Music Monday: Soul Limbo

Kicking off August’s Summer Fun selection for Music Monday is a piece of music that is the first one that comes to my mind the moment you say summer.

Soul Limbo by Booker T. & the M. G.’s 1968 track from the album of the same name is the sound that herralded the start of every day’s play during the international cricket summer and is a piece of music that I probably learned before I learned God Save the Queen! Even now, though the cricket’s been off BBC TV since the end of 1998, it still evokes the warm welcome to the start of a day’s play (or a day’s rain – we are talking the British summer, after all…), helped, in part, because when the TV broadcast went dark, Test Match Special picked it up.

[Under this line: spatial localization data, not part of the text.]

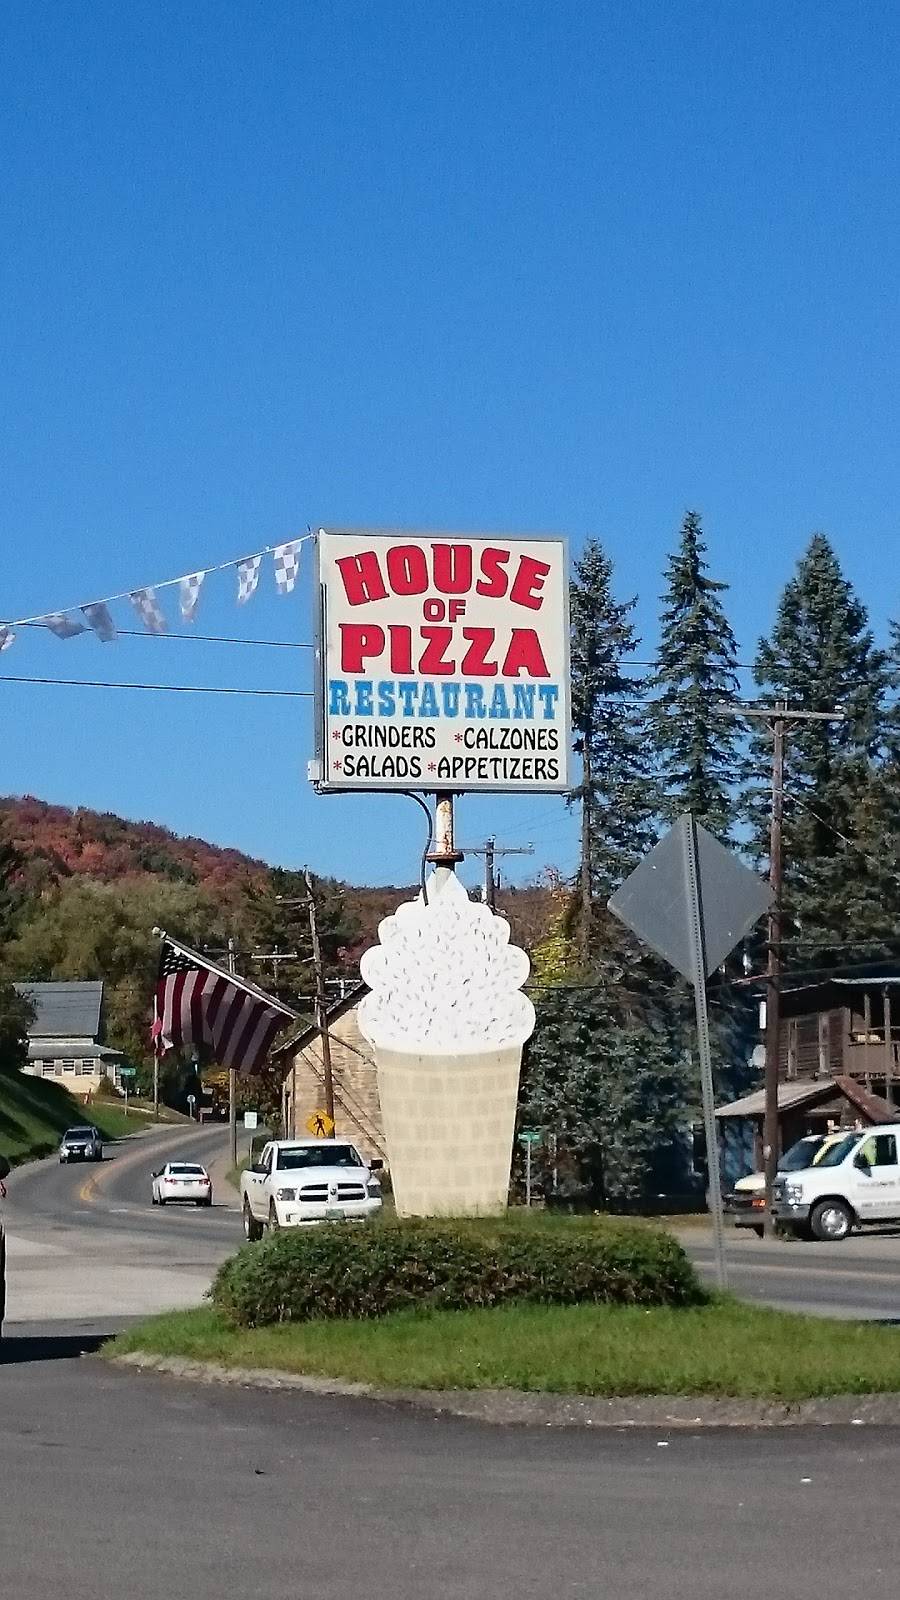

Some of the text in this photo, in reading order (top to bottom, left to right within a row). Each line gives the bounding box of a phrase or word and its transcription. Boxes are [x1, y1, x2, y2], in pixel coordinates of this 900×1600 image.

[335, 544, 551, 610] HOUSE
[423, 598, 466, 622] OF
[338, 623, 551, 677] PIZZA
[329, 680, 559, 719] RESTAURANT
[341, 725, 559, 750] GRINDERS CALZONES
[342, 756, 559, 780] SALADS APPETIZERS

Channel 4 may have used Mambo No.5 and Sky have used various versions of the 10cc song Dreadlock Holiday (with it’s chorus of “We don’t like cricket, oh no, we love it, oh year”) but Soul Limbo is still the sound of cricket for me and perhaps it always will be.

The music itself is a funky jazz-like instrumental track with plenty of variations, a marimba solo and plenty of laid-back charm. It’s carefree and fun and I just love it.

The summer fun playlist can be found on Spotify here.

That’s all for now. Happy reading and listening!